Newbie here. I confess. I need help. Here is my story (bulleted to keep it short).
a. I am a 29 yr normal guy. I've also been watching P since 16yr old.
b. It's clear I am addicted to P, but I don't think I ever believed I was until 24 yrs old. So while fully aware of my addiction I haven't really made any effort to quit it, not with much success anyway.
c. Off late (3 yrs) I think I am accutely addicted to P (anywhere between 1-4 hrs on weekday, and 6 on wkends) to the point I am becoming insensitive to it and still can't quit.
d. I do realize P has slowly destroyed my life
- I've not had one meaningful relationship with any girl. I don't have love in my heart for any one girl and I don't think I will ever love a girl.
- I view all girls as Sl*ts or just view them as objects of sex. All normal girls on the street, on the train, at work, etc everywhere. My mind is obsessed with dirty thoughts.
- I try to leave work early so that I could be home with my computer.
- I've grown attached to my huge P collection on disk. It's ridiculous. I keep accumulating more and more stuff, and I do not realize for what, or why.

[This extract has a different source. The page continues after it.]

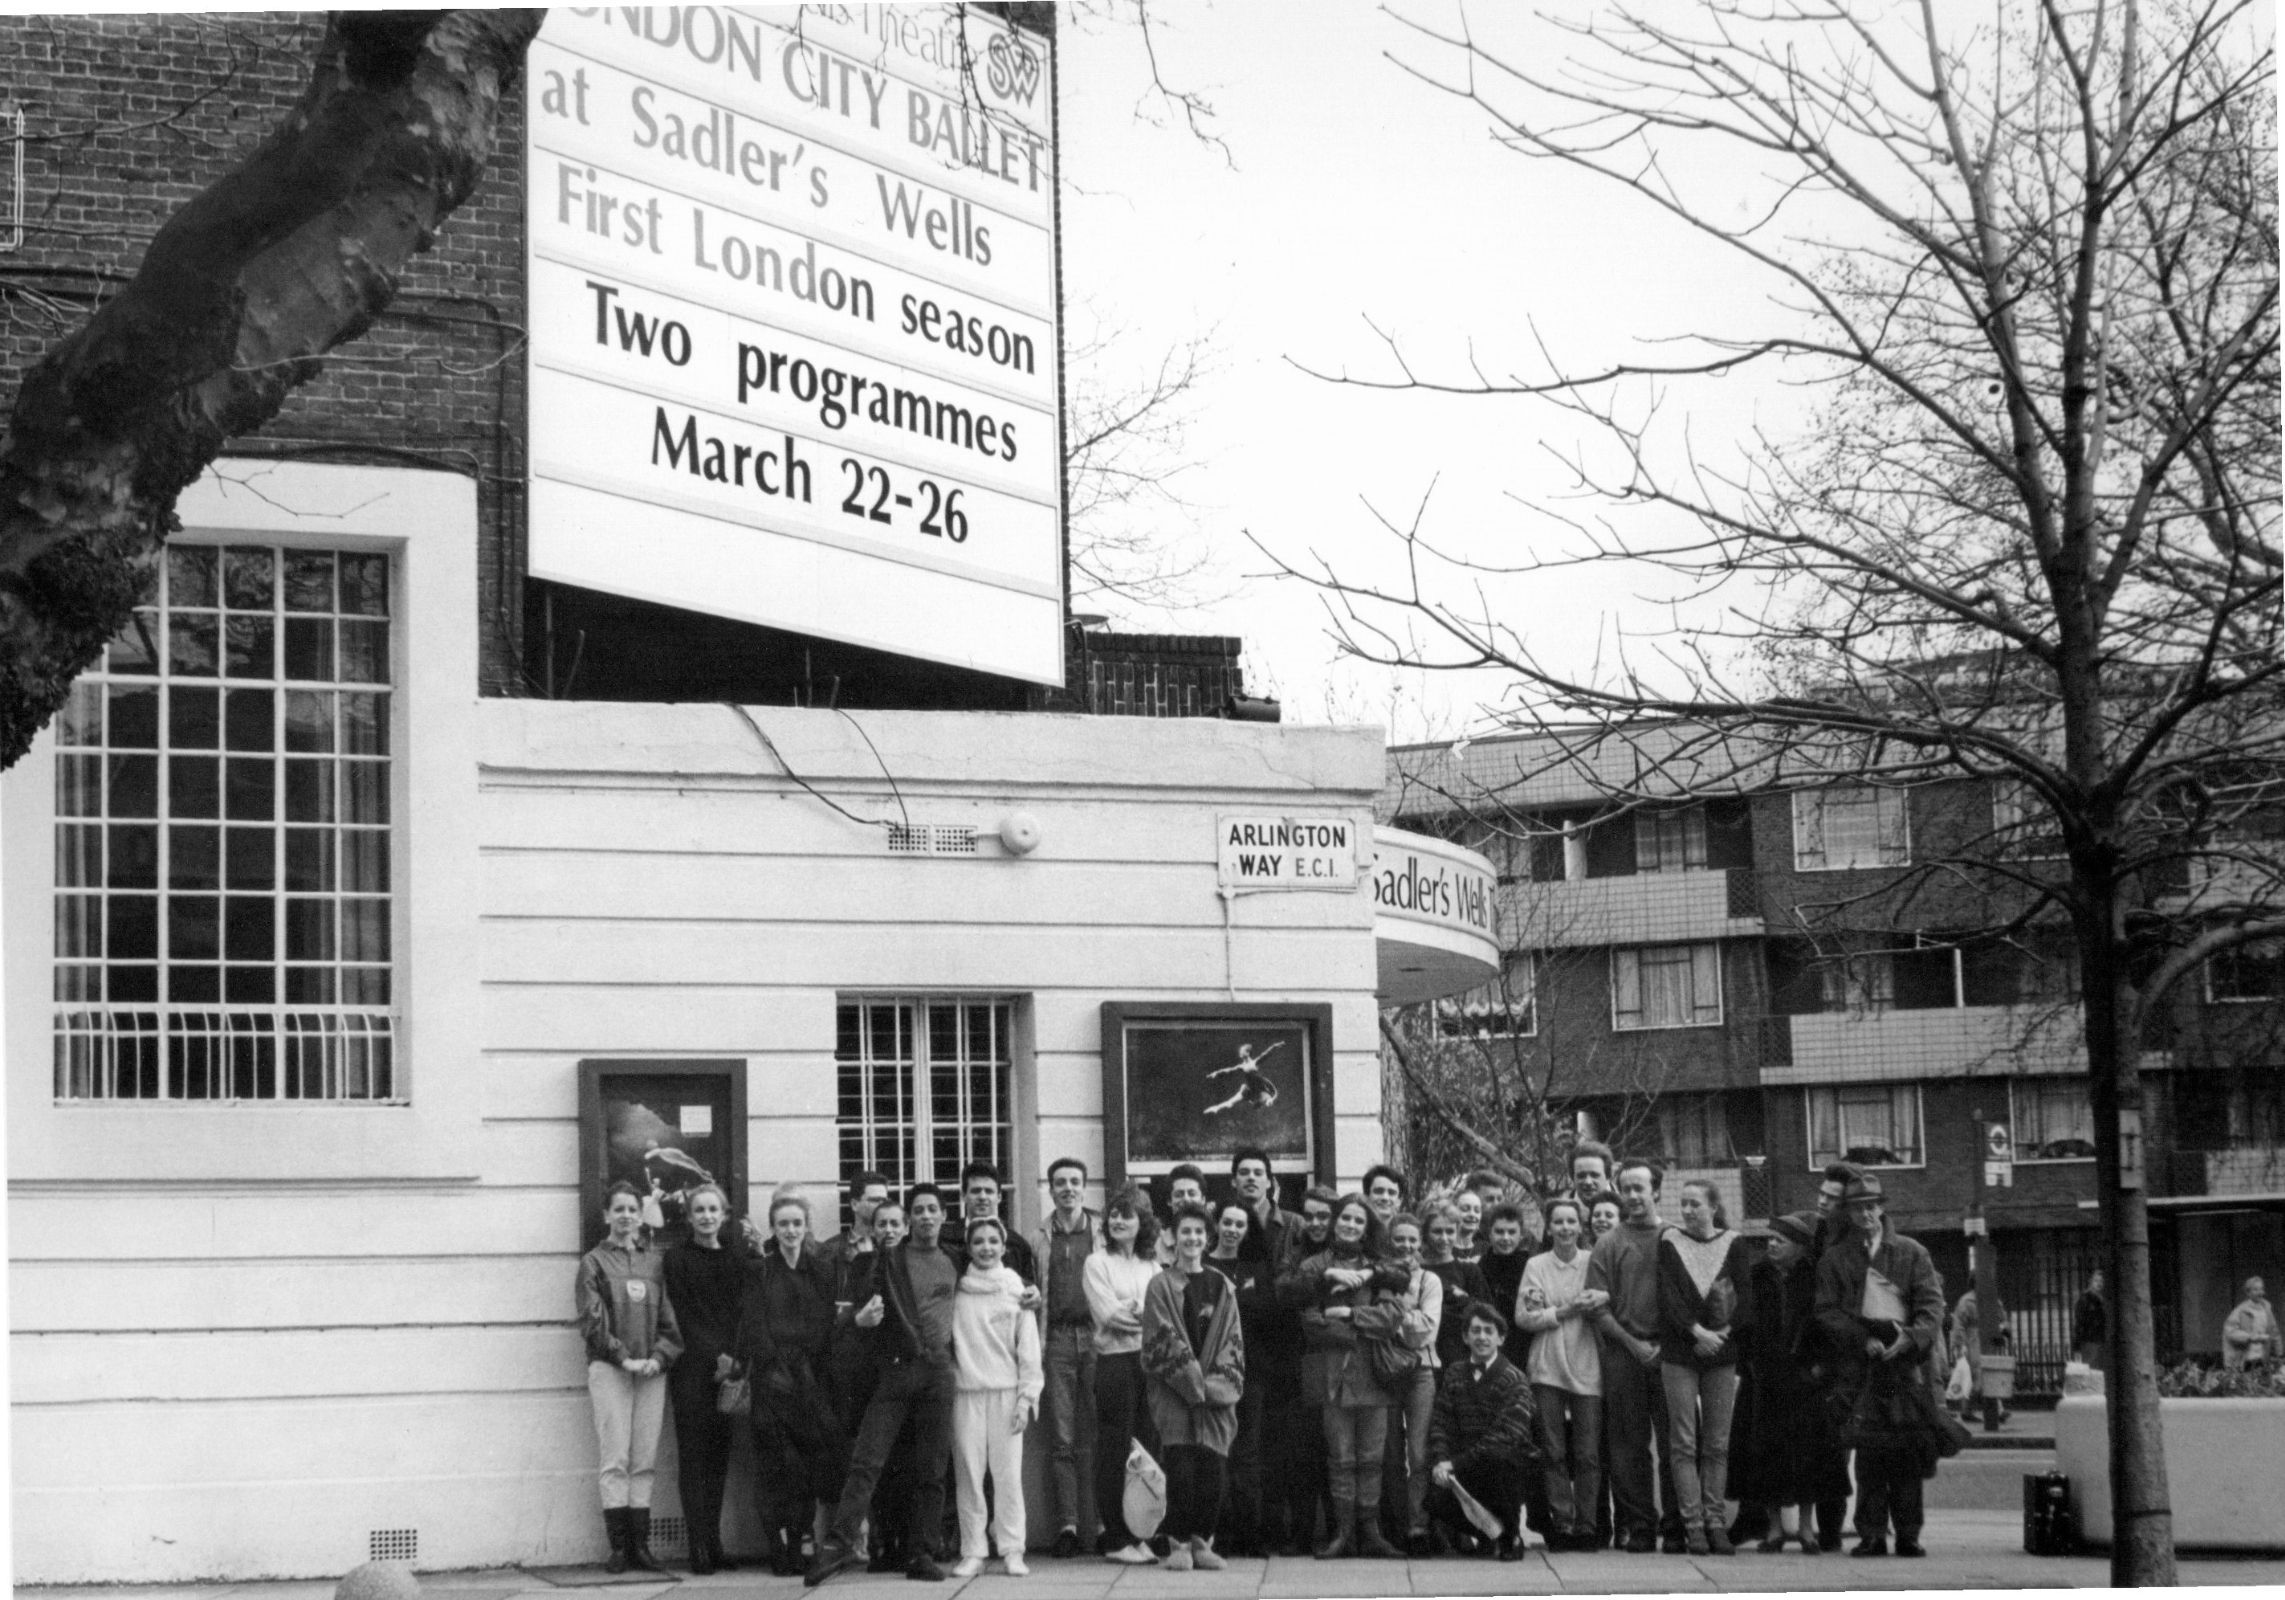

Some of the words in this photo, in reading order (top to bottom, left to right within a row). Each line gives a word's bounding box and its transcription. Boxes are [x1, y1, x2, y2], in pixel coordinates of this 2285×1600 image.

e. I've often thought masturbation and P as a stress reliever, and that it helps relieve all the harmonal buildup.
f. None of my friends (of which I have very few now) know about this addiction. Infact I have no one to confide in.

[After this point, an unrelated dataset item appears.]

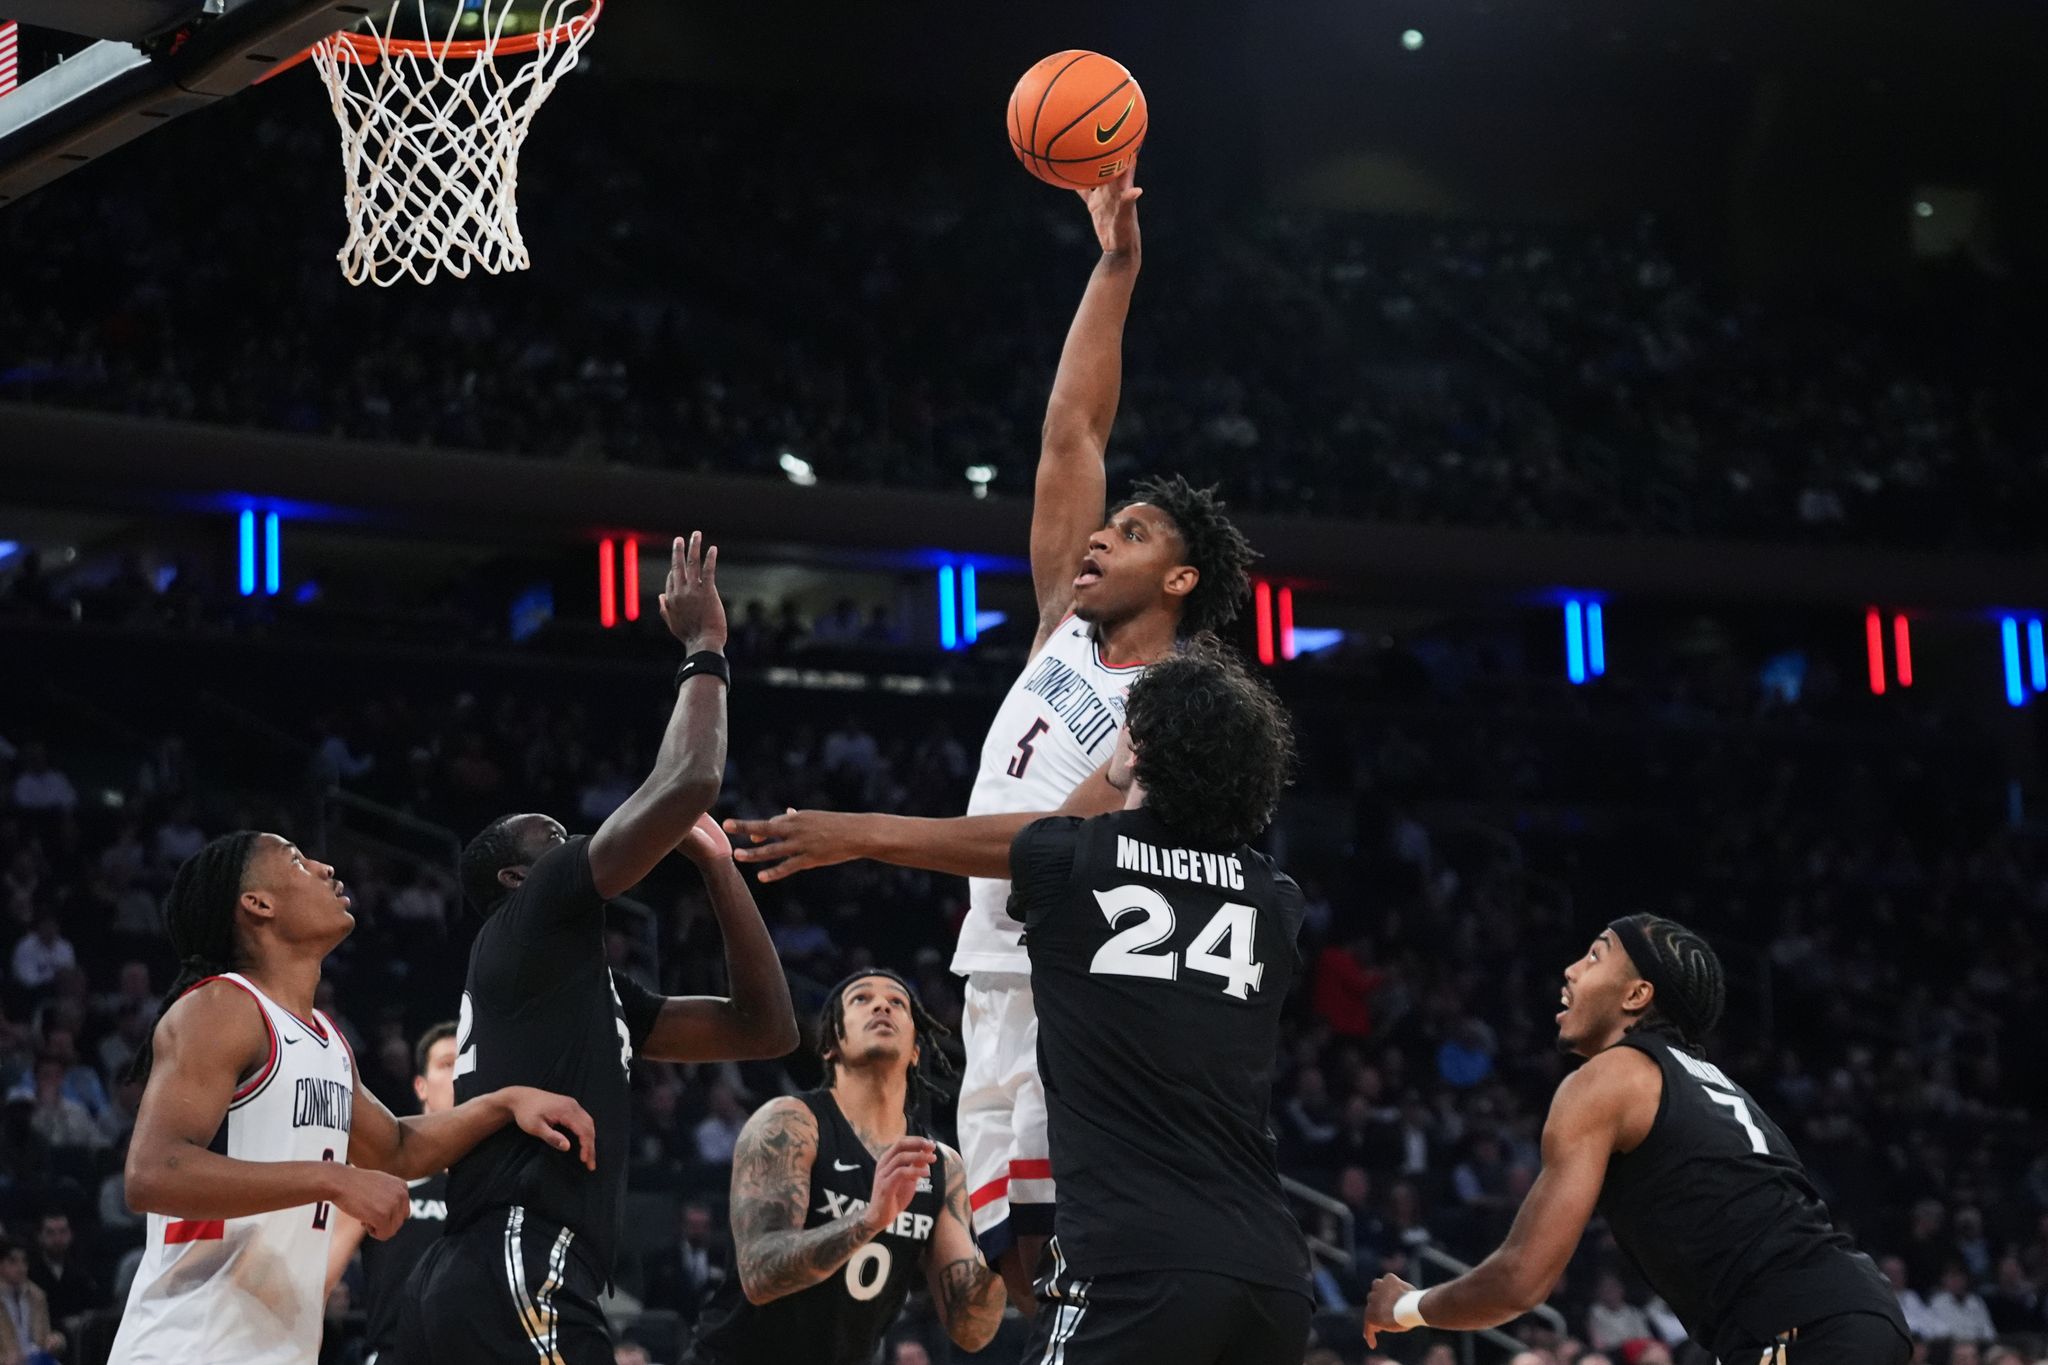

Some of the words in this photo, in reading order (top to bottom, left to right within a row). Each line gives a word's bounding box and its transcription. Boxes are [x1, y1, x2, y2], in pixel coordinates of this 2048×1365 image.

g. I have been diagonsed with other health stuff in life, totally unrelated to P. and in comparison to that health concern, my P addiction feels belittled. However, PA is no less of a disease to me, and to feel well once again, I need to attack all these problems.
h. I need some guidance, some suggestion, some tips from all of you to how to resist that P urge. By minutes, by hrs, by days. I've been reading stuff online to overcome this, but reading is hardly the same as talking to someone who is willing to help. and Forum is the next best thing to a real person.